Dataset entries:
* * * * * * *
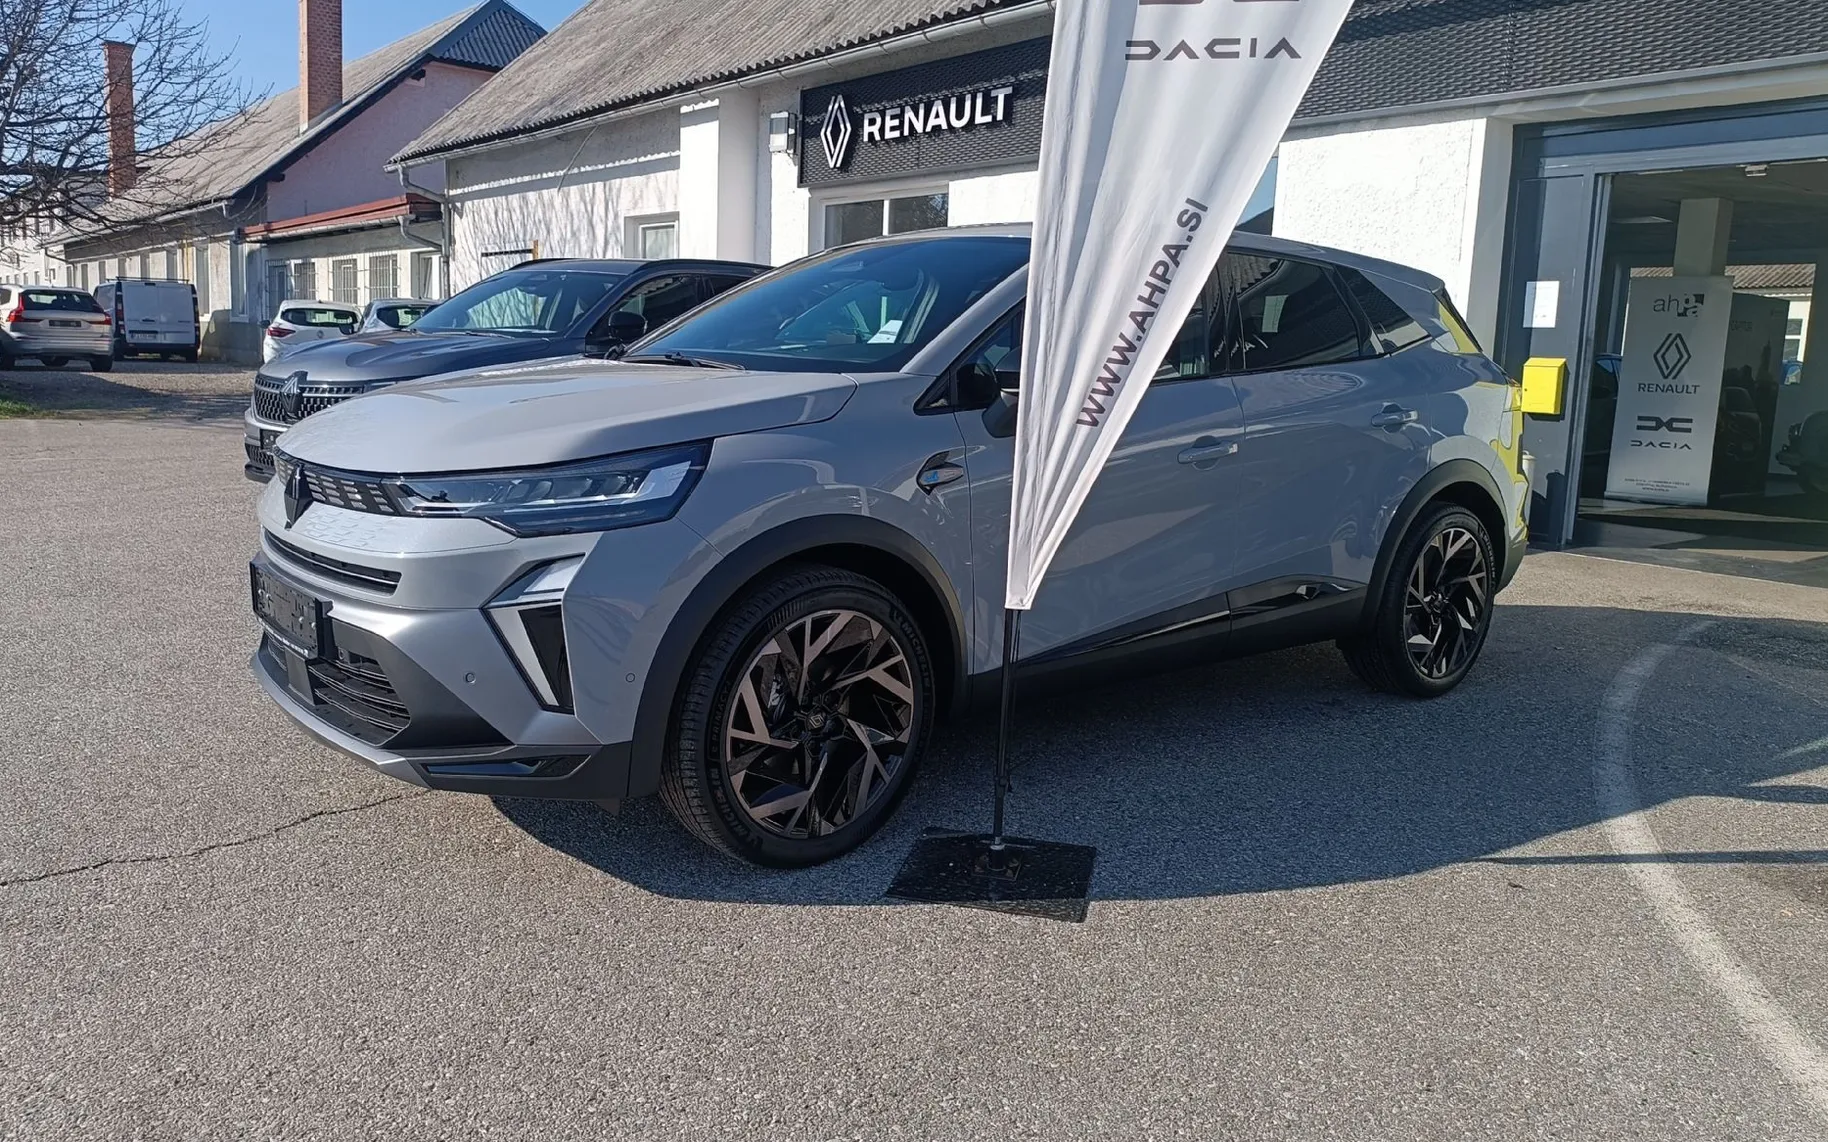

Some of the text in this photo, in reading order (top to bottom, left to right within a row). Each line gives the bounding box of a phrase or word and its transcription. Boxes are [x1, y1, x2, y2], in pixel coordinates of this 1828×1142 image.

[1125, 36, 1302, 61] DACIA
[863, 86, 1013, 142] RENAULT
[1076, 197, 1209, 428] WWW.AHPA.SI
[1637, 382, 1700, 395] RENAULT
[1630, 439, 1692, 450] DACIA
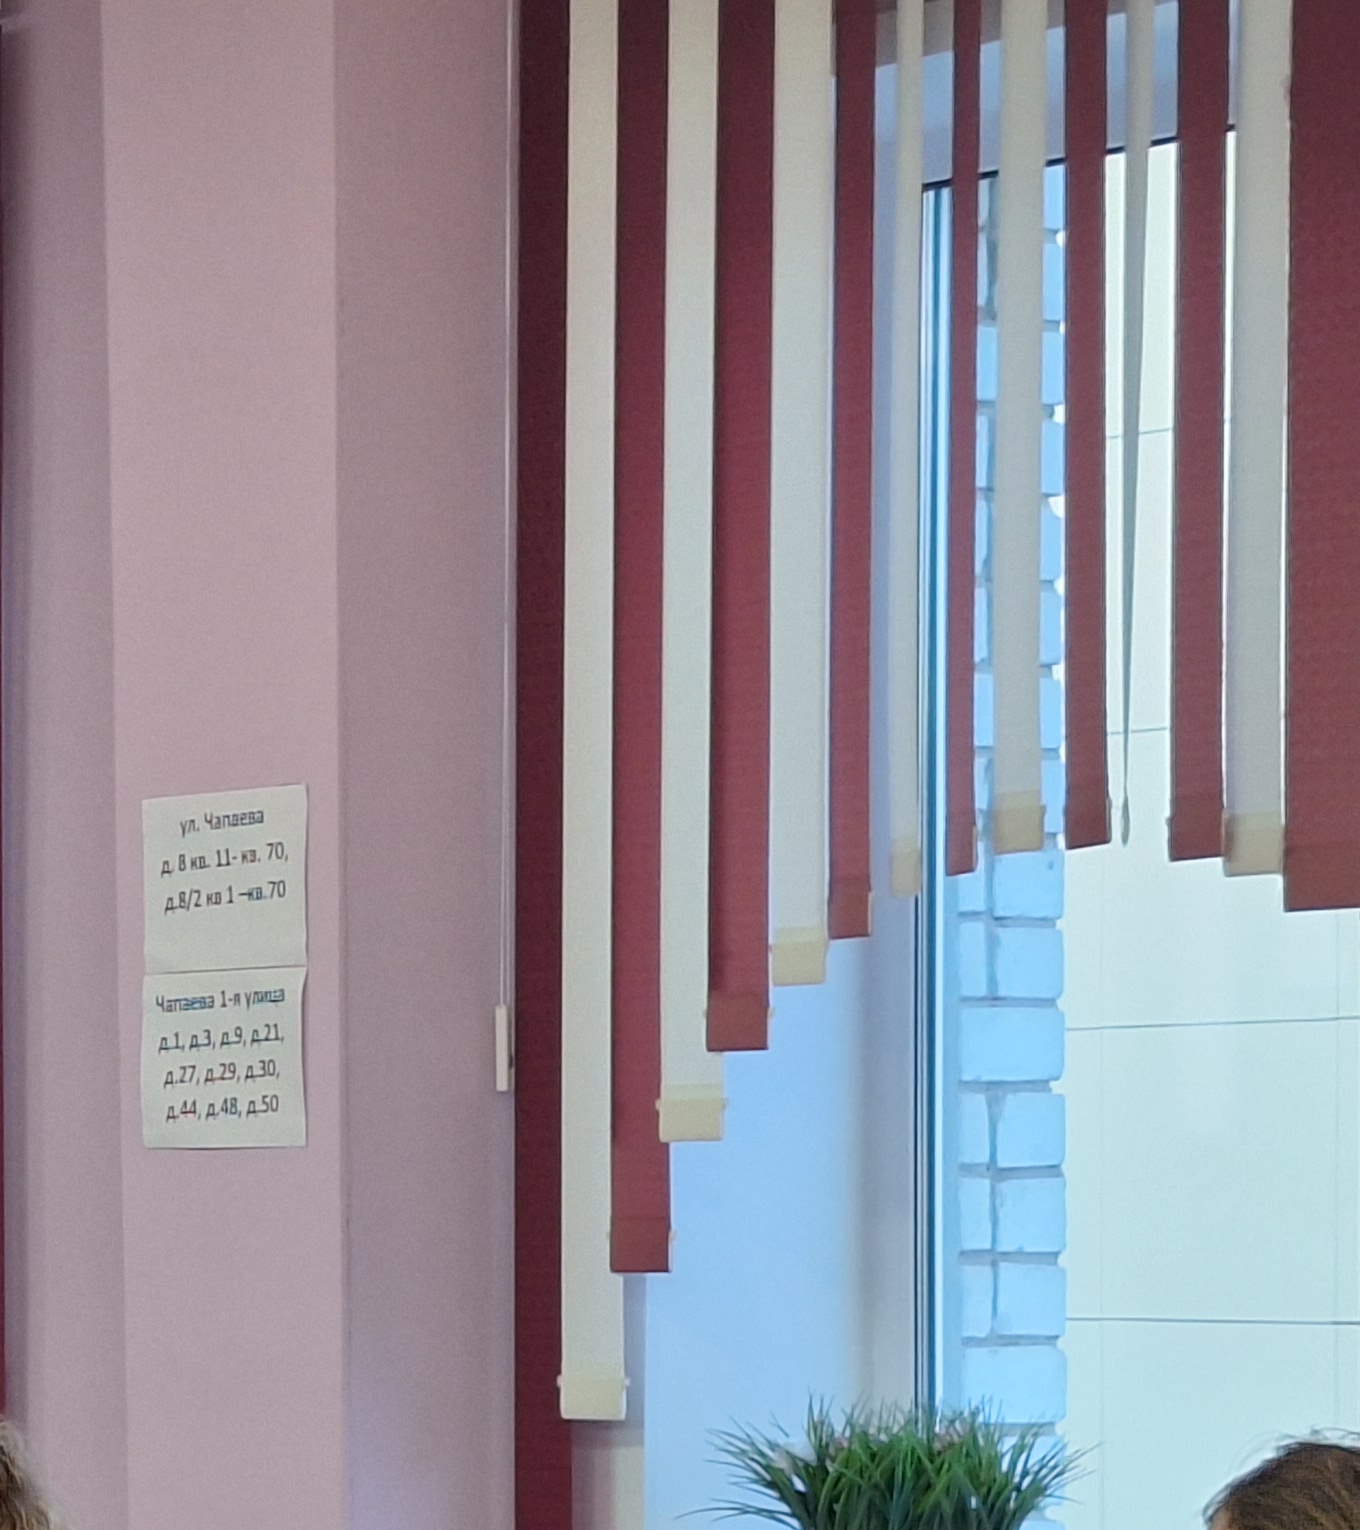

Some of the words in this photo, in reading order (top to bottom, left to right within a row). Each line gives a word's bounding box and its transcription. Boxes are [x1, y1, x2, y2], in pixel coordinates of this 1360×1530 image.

[180, 819, 200, 838] ул.
[204, 810, 264, 831] Чапаева
[241, 849, 261, 864] кв.
[156, 995, 215, 1013] Чапаева
[219, 990, 241, 1008] 1-я
[244, 988, 285, 1010] улица
[163, 1064, 201, 1089] д.27,
* * * * * * *
▶ What the task requires: Please print out the entries above exactly. The pictures stay out.

▶ Reply:
Some of the text in this photo, in reading order (top to bottom, left to right within a row). Each line gives the bounding box of a phrase or word and its transcription. Boxes are [x1, y1, x2, y2], in pixel coordinates of this 1828×1142 image.

[1125, 36, 1302, 61] DACIA
[863, 86, 1013, 142] RENAULT
[1076, 197, 1209, 428] WWW.AHPA.SI
[1637, 382, 1700, 395] RENAULT
[1630, 439, 1692, 450] DACIA

Some of the words in this photo, in reading order (top to bottom, left to right within a row). Each line gives a word's bounding box and its transcription. Boxes are [x1, y1, x2, y2], in pixel coordinates of this 1360×1530 image.

[180, 819, 200, 838] ул.
[204, 810, 264, 831] Чапаева
[241, 849, 261, 864] кв.
[156, 995, 215, 1013] Чапаева
[219, 990, 241, 1008] 1-я
[244, 988, 285, 1010] улица
[163, 1064, 201, 1089] д.27,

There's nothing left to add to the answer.